Required action -
All records below are to be set down precisely as written, excluding pictures.
•••
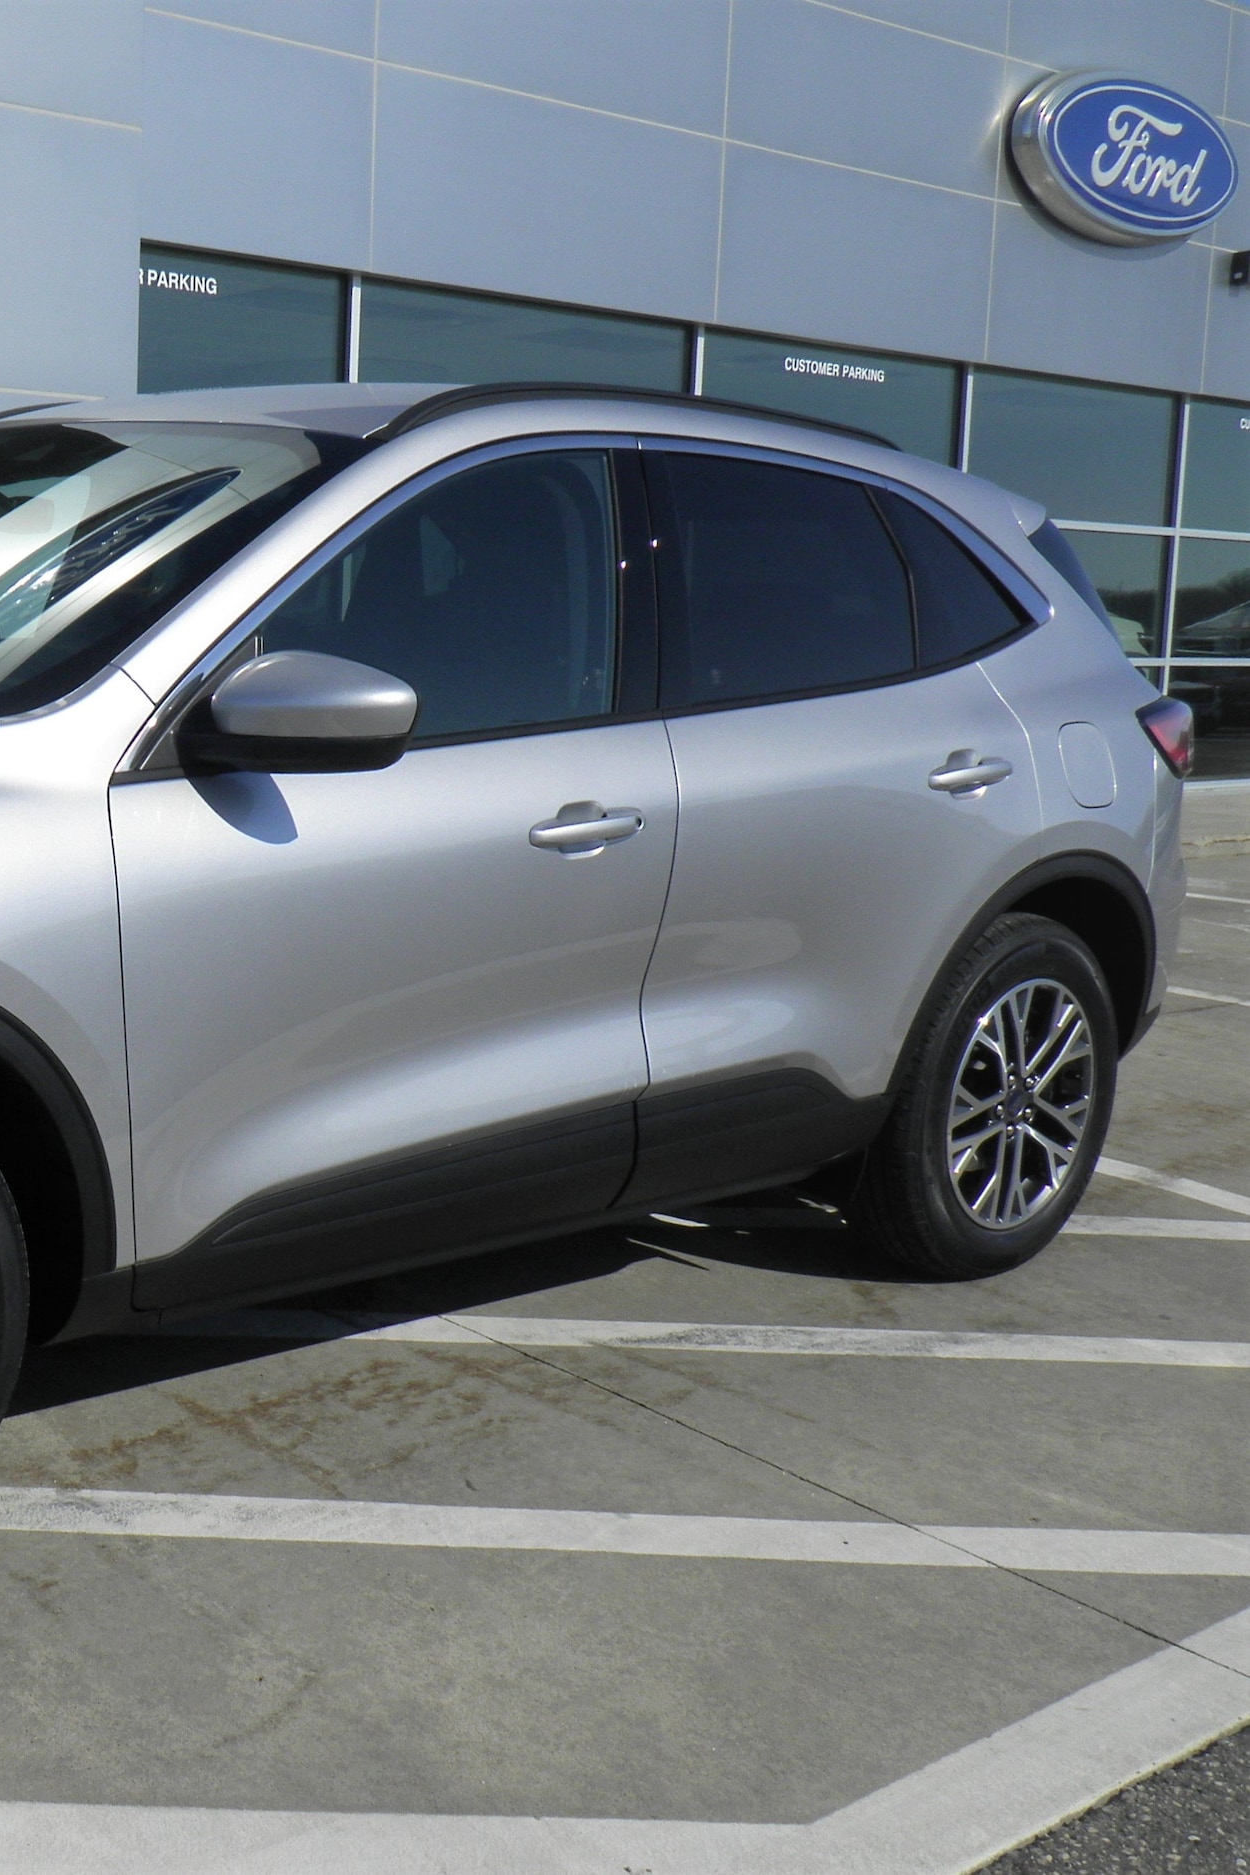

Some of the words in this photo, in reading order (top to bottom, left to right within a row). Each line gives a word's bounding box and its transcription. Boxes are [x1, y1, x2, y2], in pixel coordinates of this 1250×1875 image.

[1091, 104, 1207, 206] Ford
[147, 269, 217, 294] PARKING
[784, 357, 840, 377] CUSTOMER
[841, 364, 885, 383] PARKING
•••
Exercise solution -
Some of the words in this photo, in reading order (top to bottom, left to right within a row). Each line gives a word's bounding box and its transcription. Boxes are [x1, y1, x2, y2], in pixel coordinates of this 1250×1875 image.

[1091, 104, 1207, 206] Ford
[147, 269, 217, 294] PARKING
[784, 357, 840, 377] CUSTOMER
[841, 364, 885, 383] PARKING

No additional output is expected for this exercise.